Everything in the listing must be repeated exactly, apart from the images.
------------------------------------
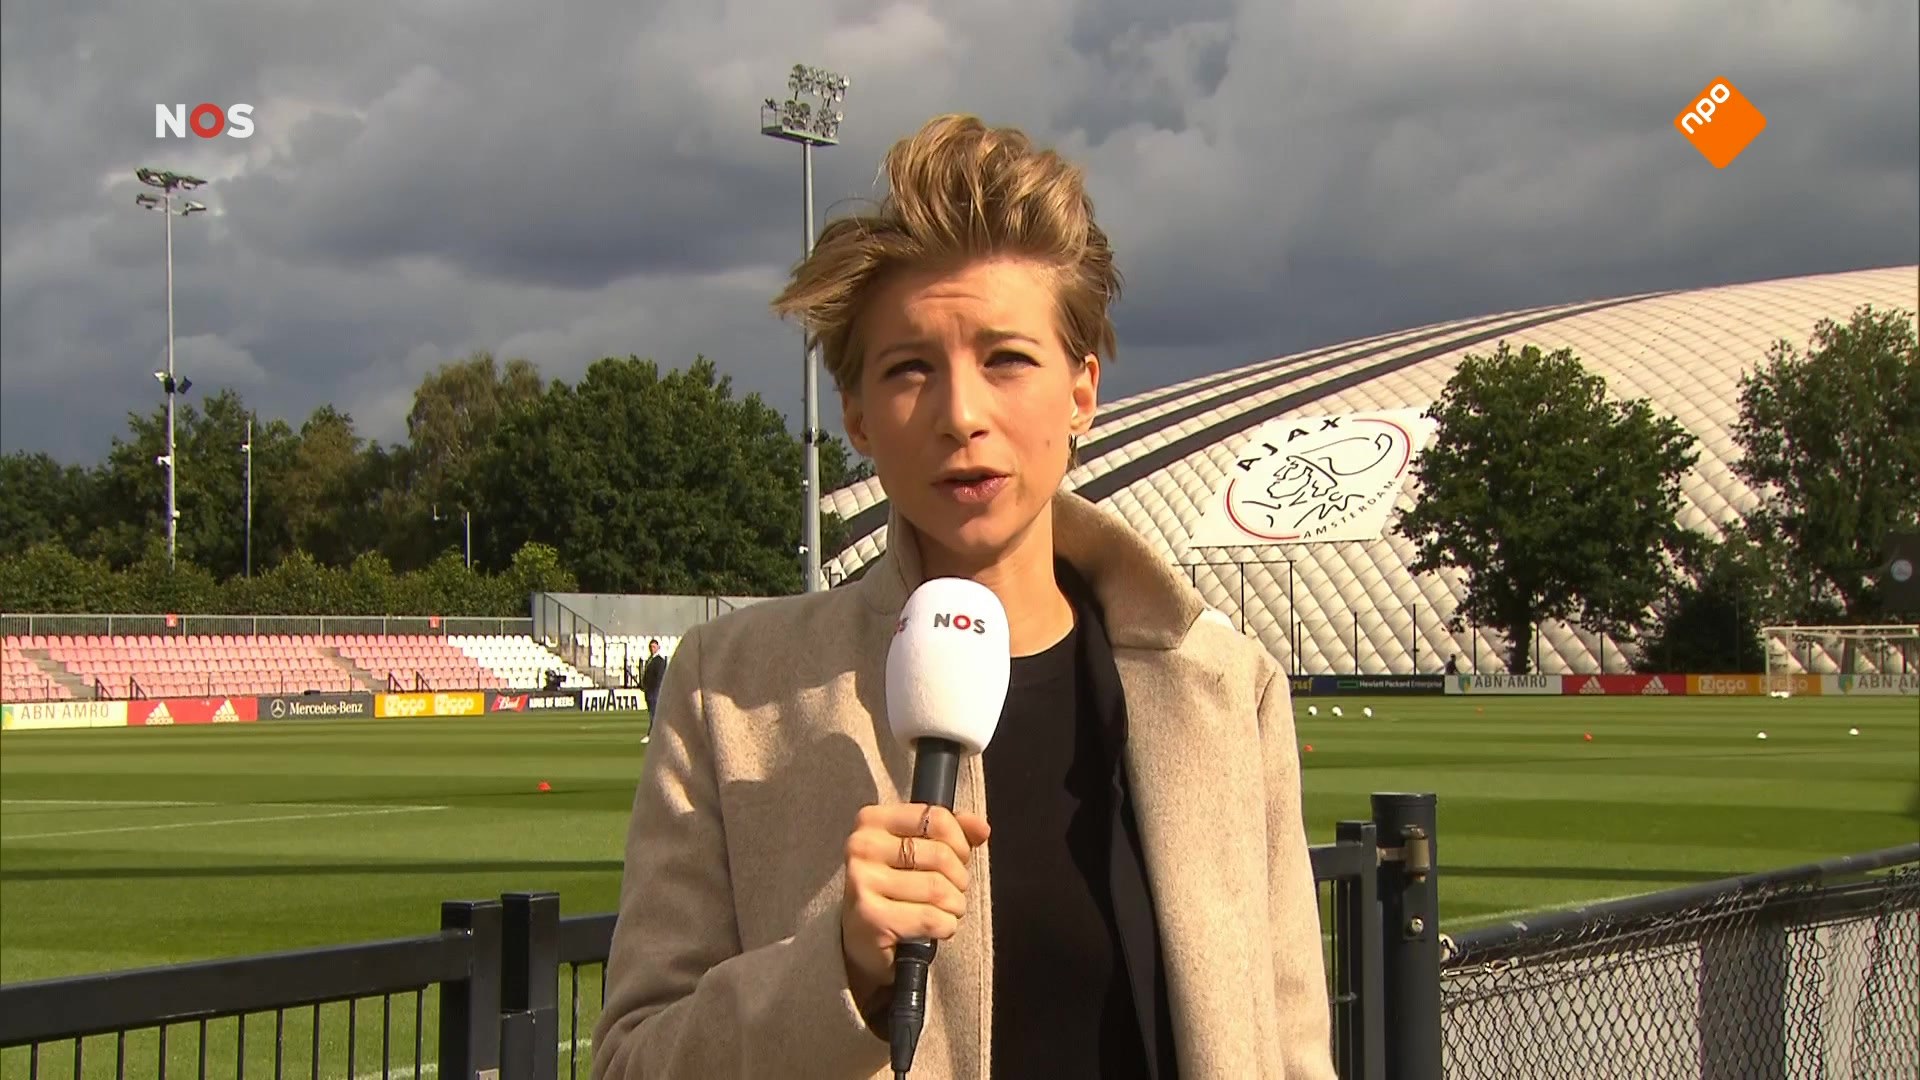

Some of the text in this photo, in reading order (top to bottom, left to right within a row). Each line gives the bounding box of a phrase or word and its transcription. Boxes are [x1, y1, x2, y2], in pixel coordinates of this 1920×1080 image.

[1236, 416, 1342, 472] AJAX
[1303, 479, 1396, 539] AMSTERDAM
[933, 612, 986, 635] NOS
[1359, 680, 1442, 690] Hewlett Packard Enterprise
[289, 700, 364, 716] Mercedes-Benz
[584, 690, 638, 712] LAVAZZA
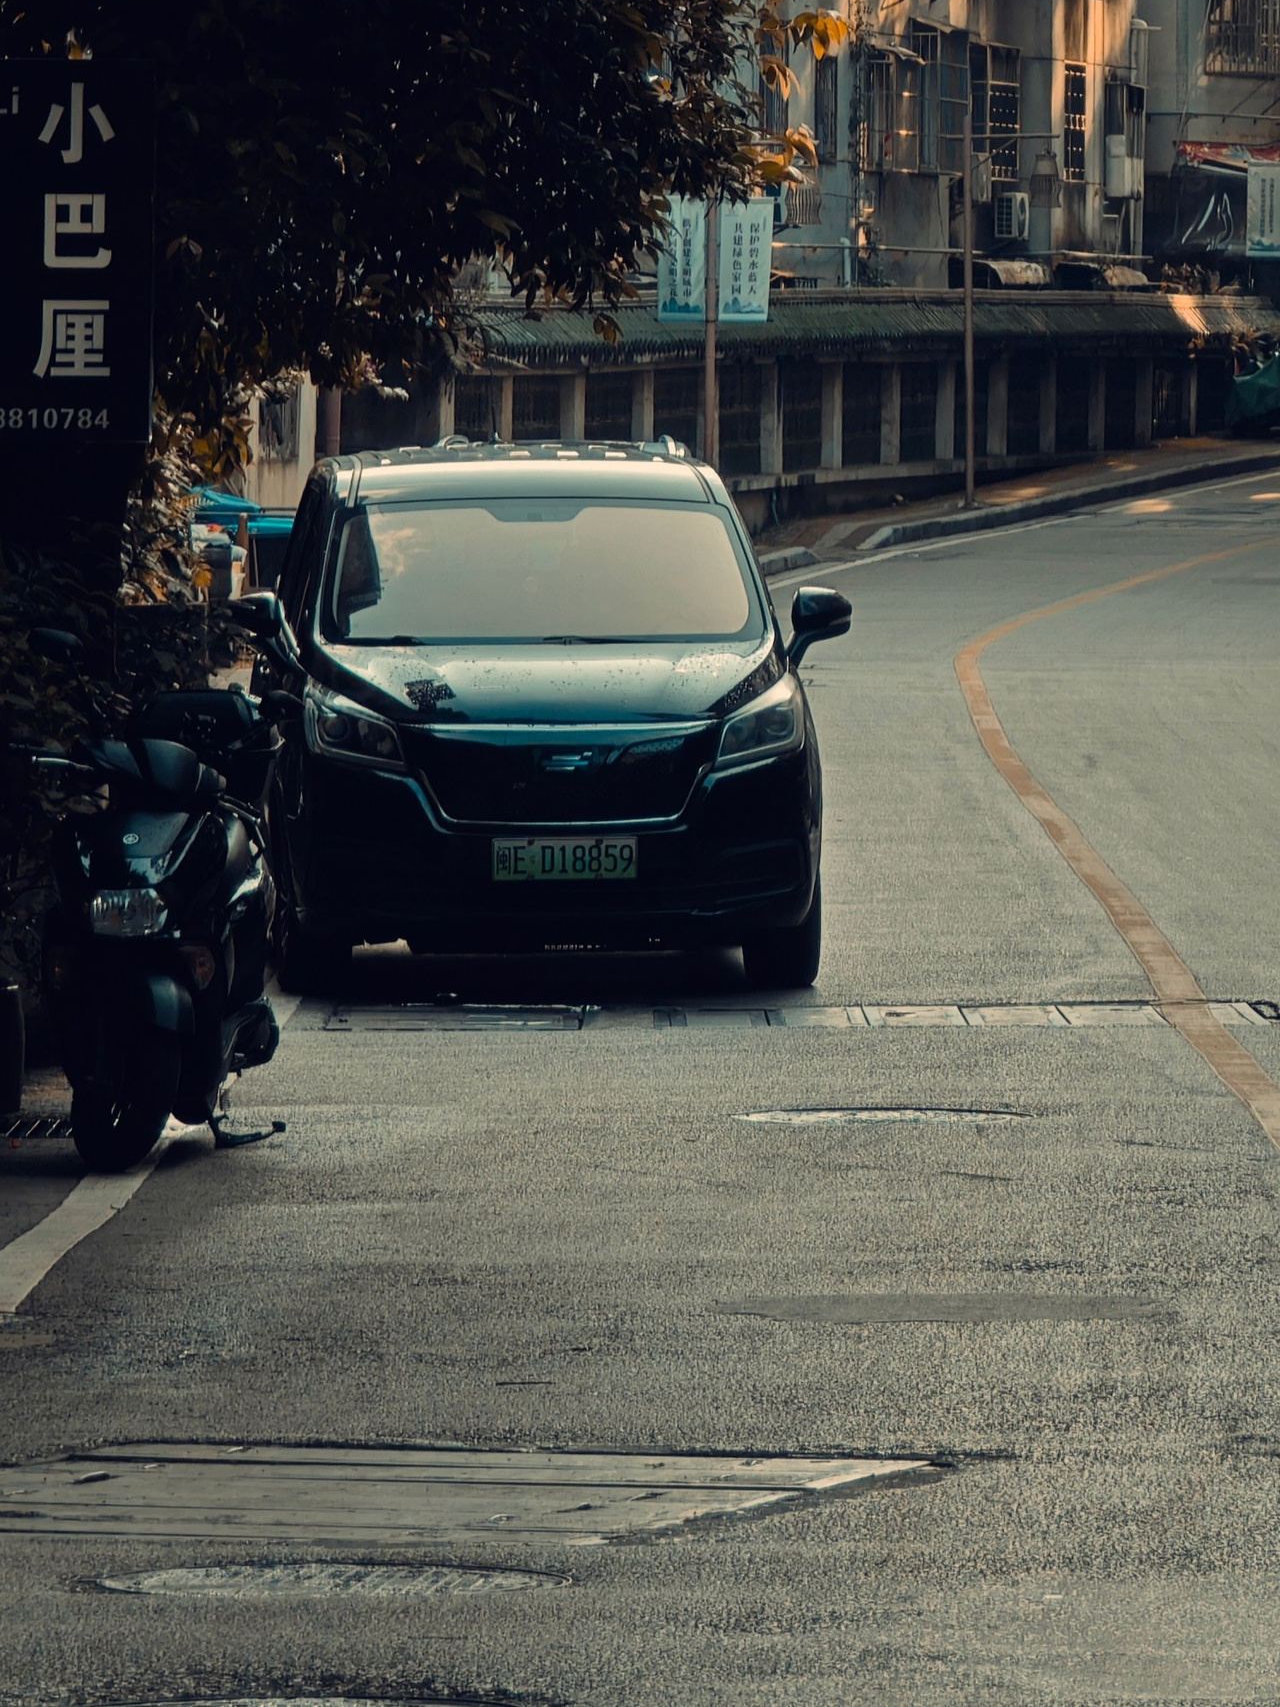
------------------------------------
## Output for this task
Some of the text in this photo, in reading order (top to bottom, left to right within a row). Each line gives the bounding box of a phrase or word and its transcription. Boxes are [x1, y1, x2, y2], in pixel coordinates of this 1920×1080 image.

[1236, 416, 1342, 472] AJAX
[1303, 479, 1396, 539] AMSTERDAM
[933, 612, 986, 635] NOS
[1359, 680, 1442, 690] Hewlett Packard Enterprise
[289, 700, 364, 716] Mercedes-Benz
[584, 690, 638, 712] LAVAZZA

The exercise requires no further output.